When Keith comes to poetry group
in his fireman’s Blues, a small plug
leading from his left ear, radio
strapped to his waist, his
right ear may be tuned to Mary Ann’s
dream of a dying friend
or Patric’s poem about the devil
while the other monitors
the city’s troubles: crackups
and collisions, ambulance calls,
people stabbed or shot. Perhaps
his father calls him from beyond
death’s borders, or he intercepts
the smoldering thought of some
bruised girl-child, or gospel singing
from a sunlit church in Georgia
twenty years ago. When Keith
sits quiet in the tall wing chair
and secret fires play across his face,
we’re never sure what frequencies
he hears and whether the voice
will hold flowers or flame.
Drink
When we got to the spring
I made the customary speech:
whoever drinks the water
will surely return.
And though we both half-knew
you would not be coming back,
you picked a careful path
across damp stones and
buoyed with sudden hope,
put your mouth to the
pipe-mouth buried among
rocks and cress, to the mossy
O and drank. Since then
you have joined the silent
ones beyond all thirst
and hearing. Yet whenever I
bend to the green pipe,
it is you who bend with me
to drink, and you who enter
my mouth as water
rising from the aquifer
of memory to plunge again
into the secret tubes and
vessels of the body.
Junk
Everything begged to be saved:
three-legged tables, arthritic
chairs. The blind light-bulbs
and sprung valises longed to be lifted,
transformed.

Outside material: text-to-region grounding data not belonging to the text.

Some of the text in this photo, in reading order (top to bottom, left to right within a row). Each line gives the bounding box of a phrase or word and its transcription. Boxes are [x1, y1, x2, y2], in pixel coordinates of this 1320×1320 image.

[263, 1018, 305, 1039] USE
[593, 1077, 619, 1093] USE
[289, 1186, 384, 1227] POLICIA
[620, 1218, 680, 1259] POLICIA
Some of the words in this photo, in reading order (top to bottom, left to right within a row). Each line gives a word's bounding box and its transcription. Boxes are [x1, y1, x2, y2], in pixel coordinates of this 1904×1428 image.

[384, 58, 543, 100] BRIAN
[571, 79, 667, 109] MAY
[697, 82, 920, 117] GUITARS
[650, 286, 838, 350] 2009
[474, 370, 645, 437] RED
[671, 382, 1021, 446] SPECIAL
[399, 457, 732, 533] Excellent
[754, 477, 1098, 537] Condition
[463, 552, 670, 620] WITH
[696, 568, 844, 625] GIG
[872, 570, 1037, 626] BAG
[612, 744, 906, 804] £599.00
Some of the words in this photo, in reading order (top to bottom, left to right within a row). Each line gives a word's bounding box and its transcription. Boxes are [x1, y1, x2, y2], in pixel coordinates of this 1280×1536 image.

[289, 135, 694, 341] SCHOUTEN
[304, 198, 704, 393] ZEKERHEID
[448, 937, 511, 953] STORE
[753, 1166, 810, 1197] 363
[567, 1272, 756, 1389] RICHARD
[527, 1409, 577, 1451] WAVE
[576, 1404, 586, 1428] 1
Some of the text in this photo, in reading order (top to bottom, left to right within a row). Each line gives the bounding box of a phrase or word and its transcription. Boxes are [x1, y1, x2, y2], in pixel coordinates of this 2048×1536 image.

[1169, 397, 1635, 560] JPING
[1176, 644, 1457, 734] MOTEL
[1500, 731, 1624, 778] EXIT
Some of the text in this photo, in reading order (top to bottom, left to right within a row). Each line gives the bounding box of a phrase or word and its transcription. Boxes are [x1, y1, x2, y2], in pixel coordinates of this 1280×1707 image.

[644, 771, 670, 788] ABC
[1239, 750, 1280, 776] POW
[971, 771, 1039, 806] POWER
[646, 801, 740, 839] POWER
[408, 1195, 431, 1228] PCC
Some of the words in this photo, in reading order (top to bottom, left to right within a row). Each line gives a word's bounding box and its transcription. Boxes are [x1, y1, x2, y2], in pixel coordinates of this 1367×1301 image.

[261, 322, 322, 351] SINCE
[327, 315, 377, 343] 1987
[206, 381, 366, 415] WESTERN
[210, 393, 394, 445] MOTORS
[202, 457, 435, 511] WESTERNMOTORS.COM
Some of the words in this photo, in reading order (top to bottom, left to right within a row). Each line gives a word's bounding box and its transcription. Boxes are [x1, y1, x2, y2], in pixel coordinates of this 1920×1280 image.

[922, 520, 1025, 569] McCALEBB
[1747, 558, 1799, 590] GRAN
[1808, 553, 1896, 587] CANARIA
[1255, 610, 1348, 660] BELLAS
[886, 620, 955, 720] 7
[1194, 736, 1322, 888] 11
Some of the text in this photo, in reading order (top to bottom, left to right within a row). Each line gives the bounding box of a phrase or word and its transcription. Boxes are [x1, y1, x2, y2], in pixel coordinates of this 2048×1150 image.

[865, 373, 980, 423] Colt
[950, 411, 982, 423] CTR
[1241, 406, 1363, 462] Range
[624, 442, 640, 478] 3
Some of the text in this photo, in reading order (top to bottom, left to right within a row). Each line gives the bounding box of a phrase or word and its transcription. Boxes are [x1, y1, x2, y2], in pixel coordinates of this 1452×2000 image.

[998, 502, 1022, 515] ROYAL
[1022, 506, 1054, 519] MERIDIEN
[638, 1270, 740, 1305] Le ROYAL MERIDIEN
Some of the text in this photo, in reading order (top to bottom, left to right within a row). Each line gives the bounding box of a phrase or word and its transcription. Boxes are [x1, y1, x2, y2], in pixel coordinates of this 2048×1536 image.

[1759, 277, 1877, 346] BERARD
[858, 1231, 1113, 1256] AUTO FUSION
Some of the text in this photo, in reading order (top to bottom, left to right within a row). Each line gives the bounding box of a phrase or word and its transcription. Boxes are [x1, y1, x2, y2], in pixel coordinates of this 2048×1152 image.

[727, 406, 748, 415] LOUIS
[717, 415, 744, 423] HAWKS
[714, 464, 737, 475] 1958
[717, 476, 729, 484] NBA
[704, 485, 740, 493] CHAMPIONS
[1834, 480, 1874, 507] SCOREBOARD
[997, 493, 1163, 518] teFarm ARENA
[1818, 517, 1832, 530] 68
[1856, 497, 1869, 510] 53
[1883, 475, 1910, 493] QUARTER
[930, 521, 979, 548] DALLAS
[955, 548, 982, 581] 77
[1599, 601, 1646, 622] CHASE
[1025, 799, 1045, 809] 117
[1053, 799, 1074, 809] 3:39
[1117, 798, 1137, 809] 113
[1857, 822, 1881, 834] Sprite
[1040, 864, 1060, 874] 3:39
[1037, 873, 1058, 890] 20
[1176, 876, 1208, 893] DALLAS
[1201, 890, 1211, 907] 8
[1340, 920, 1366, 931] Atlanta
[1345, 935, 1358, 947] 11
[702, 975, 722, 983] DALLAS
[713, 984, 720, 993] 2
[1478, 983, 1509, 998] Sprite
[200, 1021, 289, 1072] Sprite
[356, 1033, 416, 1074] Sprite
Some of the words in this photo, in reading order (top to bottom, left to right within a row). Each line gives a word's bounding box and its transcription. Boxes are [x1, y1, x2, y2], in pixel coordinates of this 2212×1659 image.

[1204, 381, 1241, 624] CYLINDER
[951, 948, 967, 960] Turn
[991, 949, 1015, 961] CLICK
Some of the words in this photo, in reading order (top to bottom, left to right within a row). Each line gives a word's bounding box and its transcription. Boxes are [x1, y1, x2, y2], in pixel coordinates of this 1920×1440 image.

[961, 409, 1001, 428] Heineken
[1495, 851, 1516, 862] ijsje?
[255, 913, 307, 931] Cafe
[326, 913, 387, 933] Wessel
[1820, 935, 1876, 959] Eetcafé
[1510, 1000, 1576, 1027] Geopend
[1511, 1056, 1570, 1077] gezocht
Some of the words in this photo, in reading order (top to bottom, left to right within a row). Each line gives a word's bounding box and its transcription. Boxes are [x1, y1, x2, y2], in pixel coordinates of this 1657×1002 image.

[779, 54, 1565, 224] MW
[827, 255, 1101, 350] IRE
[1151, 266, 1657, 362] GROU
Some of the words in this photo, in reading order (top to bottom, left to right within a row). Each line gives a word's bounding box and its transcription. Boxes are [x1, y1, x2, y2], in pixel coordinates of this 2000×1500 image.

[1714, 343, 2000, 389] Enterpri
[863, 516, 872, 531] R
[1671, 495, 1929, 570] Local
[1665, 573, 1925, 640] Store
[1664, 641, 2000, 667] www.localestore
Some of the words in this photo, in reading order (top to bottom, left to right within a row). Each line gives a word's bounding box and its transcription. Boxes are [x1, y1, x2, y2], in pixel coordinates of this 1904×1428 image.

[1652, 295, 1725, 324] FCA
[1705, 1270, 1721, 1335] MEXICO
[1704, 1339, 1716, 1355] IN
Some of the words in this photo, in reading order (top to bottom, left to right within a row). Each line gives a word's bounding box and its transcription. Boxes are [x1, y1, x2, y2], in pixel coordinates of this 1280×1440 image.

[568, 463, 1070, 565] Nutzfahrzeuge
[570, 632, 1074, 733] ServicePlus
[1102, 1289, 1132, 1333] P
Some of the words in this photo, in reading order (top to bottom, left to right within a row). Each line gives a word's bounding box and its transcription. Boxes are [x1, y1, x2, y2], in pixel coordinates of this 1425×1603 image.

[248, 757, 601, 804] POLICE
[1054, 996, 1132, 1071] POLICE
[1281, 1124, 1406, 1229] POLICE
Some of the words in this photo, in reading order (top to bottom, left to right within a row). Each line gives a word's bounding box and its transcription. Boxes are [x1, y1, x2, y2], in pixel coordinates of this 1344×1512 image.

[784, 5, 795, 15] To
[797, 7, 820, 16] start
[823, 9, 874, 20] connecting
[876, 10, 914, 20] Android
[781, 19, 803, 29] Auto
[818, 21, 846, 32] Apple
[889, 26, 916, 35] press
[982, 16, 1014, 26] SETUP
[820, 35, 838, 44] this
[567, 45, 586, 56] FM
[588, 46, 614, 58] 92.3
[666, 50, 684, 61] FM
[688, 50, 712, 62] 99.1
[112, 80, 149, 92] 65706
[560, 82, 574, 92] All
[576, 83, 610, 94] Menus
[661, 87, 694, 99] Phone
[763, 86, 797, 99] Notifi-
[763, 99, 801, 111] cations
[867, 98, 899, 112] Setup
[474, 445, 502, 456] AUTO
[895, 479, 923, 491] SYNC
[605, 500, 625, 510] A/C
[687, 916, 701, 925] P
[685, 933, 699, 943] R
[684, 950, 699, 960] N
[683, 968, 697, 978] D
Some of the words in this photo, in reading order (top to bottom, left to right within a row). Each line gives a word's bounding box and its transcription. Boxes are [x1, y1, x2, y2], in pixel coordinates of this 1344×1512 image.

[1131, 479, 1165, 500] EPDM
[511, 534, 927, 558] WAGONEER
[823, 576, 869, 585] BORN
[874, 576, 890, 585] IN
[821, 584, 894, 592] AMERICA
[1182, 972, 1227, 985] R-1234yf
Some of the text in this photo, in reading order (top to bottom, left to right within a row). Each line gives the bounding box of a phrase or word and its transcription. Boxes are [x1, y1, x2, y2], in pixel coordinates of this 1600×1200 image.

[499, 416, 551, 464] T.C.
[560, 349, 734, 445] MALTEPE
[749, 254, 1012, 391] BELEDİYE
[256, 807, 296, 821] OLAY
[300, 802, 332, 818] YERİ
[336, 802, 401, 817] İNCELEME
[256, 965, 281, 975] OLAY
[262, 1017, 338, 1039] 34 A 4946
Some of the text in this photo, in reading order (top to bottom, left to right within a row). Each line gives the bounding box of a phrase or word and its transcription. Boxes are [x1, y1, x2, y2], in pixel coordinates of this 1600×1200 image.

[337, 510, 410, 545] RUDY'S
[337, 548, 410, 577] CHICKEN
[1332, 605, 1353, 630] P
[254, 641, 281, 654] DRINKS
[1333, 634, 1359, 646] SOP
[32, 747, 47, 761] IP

With his dreaming
eye, he saw them as they might become:
an altar wrapped in foil; the gimpy chair
reborn as throne—though it would not
support a child; six twinned
pedestals with flower-faces
strumming brassy music
of the unreal world. And over all,
emblazoned: Fear Not.
The kingdom of heaven is made of junk.
Laboring for years in the dark
garage, he built it, fettling forth
winged symmetries and curious
entablatures, a makeshift architecture,
tenuous as a spider’s web.
Transplanted into public view, it leans
toward sleep, still hoarding
its darkness. A velvet ribbon
bars the door to the unenterable room.
You walk away into sorrier streets
than any Hampton could have known.
All is in readiness.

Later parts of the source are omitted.